Faltando sete meses para o novo prazo, a indústria informa a Bruxelas que os objetivos de baterias “fabricadas na Europa” continuam fora de alcance.

Jonathan O’Riordan, diretor de comércio internacional da ACEA, a Associação Europeia de Fabricantes de Automóveis, disse que a previsão mudou de forma drástica.

Segundo ele, quando o cronograma tarifário foi suspenso em 2024, a indústria estimava que 60% das baterias de carros a caminhões seriam europeias em 2027.

Agora, a projeção é que em 1º de janeiro de 2027 “pouco menos de 20%” das baterias sejam fabricadas na União Europeia.

No Reino Unido, a participação é maior, segundo estimativas do setor, mas ainda permanece abaixo dos níveis exigidos pelas regras de origem.

A pressão ocorre em meio ao temor de que as negociações entre União Europeia e Reino Unido tenham perdido ritmo, sem nova data para a cúpula inicialmente prevista para maio.

Sigrid de Vries, diretora-geral da ACEA, afirmou em Bruxelas que o desenvolvimento do trem de força com baterias na Europa avança devagar demais.

Ela defendeu uma “mudança de política” na Comissão Europeia para acelerar a transição e evitar que a indústria fique presa a metas inalcançáveis.

Mike Hawes, diretor-executivo da Society of Motor Manufacturers and Traders, disse que as cadeias de baterias ainda não estão prontas para cumprir exigências tão rígidas.

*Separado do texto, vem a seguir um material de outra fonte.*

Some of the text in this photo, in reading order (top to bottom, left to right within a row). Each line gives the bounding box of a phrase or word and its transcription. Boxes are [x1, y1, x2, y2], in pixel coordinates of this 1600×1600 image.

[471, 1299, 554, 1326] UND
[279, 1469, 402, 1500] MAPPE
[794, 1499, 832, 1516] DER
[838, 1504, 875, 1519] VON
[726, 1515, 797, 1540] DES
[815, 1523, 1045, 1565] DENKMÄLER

Segundo Hawes, essas exigências foram baseadas em premissas que não se concretizaram, apesar de grandes investimentos feitos pelo setor.

Ele afirmou que Reino Unido e União Europeia precisam encontrar uma solução pragmática para evitar tarifas autodestrutivas sobre os mesmos veículos que consumidores são estimulados a comprar.

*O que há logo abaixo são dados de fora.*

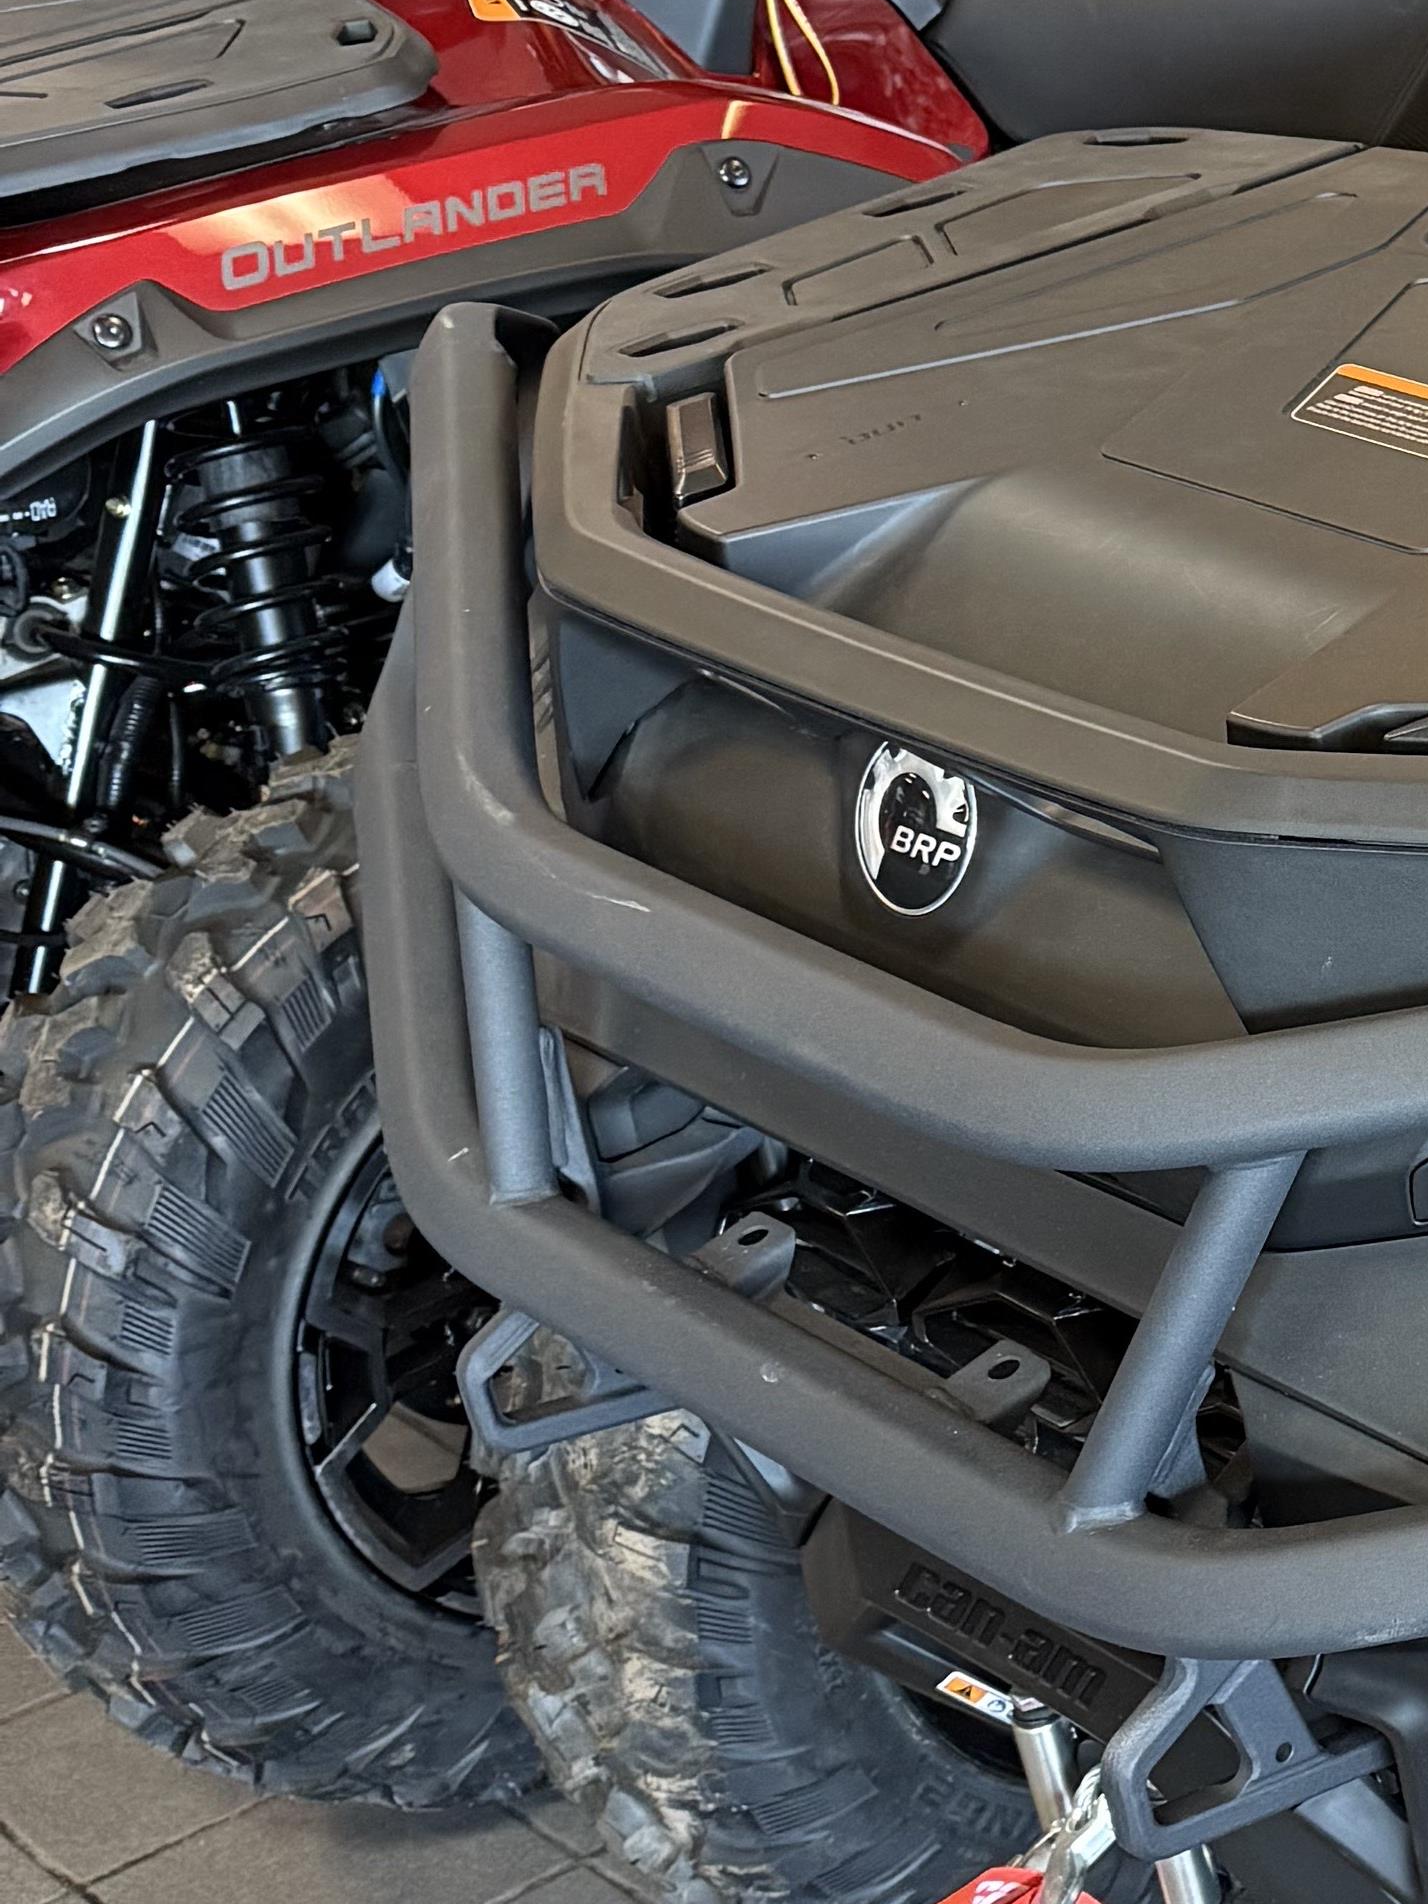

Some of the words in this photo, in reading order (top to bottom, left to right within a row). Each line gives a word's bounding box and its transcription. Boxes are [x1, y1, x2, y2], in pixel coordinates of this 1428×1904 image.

[220, 163, 607, 291] OUTLANDER
[891, 825, 961, 867] BRP
[898, 1566, 1107, 1709] can-am

O executivo também defende preservar investimentos em capacidade doméstica de baterias, sem romper a parceria automotiva de longo prazo entre os dois lados.

A dificuldade europeia não se resume ao domínio chinês sobre matérias-primas críticas, incluindo o lítio e sua versão refinada necessária para células de bateria.

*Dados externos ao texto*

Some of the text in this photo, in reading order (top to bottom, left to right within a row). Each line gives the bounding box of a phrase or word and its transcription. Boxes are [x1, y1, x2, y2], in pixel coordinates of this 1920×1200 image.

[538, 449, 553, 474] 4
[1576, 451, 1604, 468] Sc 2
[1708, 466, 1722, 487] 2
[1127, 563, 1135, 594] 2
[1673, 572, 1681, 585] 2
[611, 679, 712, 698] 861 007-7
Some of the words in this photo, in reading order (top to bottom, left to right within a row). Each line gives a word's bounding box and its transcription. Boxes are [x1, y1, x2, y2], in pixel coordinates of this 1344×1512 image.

O’Riordan afirmou que o custo de fabricação de baterias ainda é muito alto na Europa, cerca de 30% acima do registrado na China.

Embora a Comissão Europeia tenha aprovado várias leis para incentivar a produção, criar uma indústria local exige muito dinheiro e vários anos de maturação.

Da abertura de uma mina até a produção de lítio em grau adequado para baterias, o processo pode levar anos.

Stefan Scherer, chefe da única fábrica de lítio da Europa, já afirmou que abrir uma mina e construir uma cadeia produtiva completa pode custar cerca de US$ 750 milhões (R$ 3,8 bilhões).

Hawes também apontou pressões geopolíticas mais amplas e a ofensiva “Made in Europe” da União Europeia como fatores adicionais de tensão para o setor.

Para ele, os dois lados precisam fechar um compromisso bilateral que proteja a parceria automotiva e a competitividade mais ampla da Europa.

Um porta-voz da Comissão Europeia disse que discussões sobre esses temas podem ocorrer dentro das negociações em andamento entre União Europeia e Reino Unido.

O órgão afirmou ainda manter contato constante com partes interessadas do setor de EVs para avaliar a preparação das empresas diante das regras de origem.

Líderes europeus devem se reunir em 18 de junho, com a China entre os itens da pauta.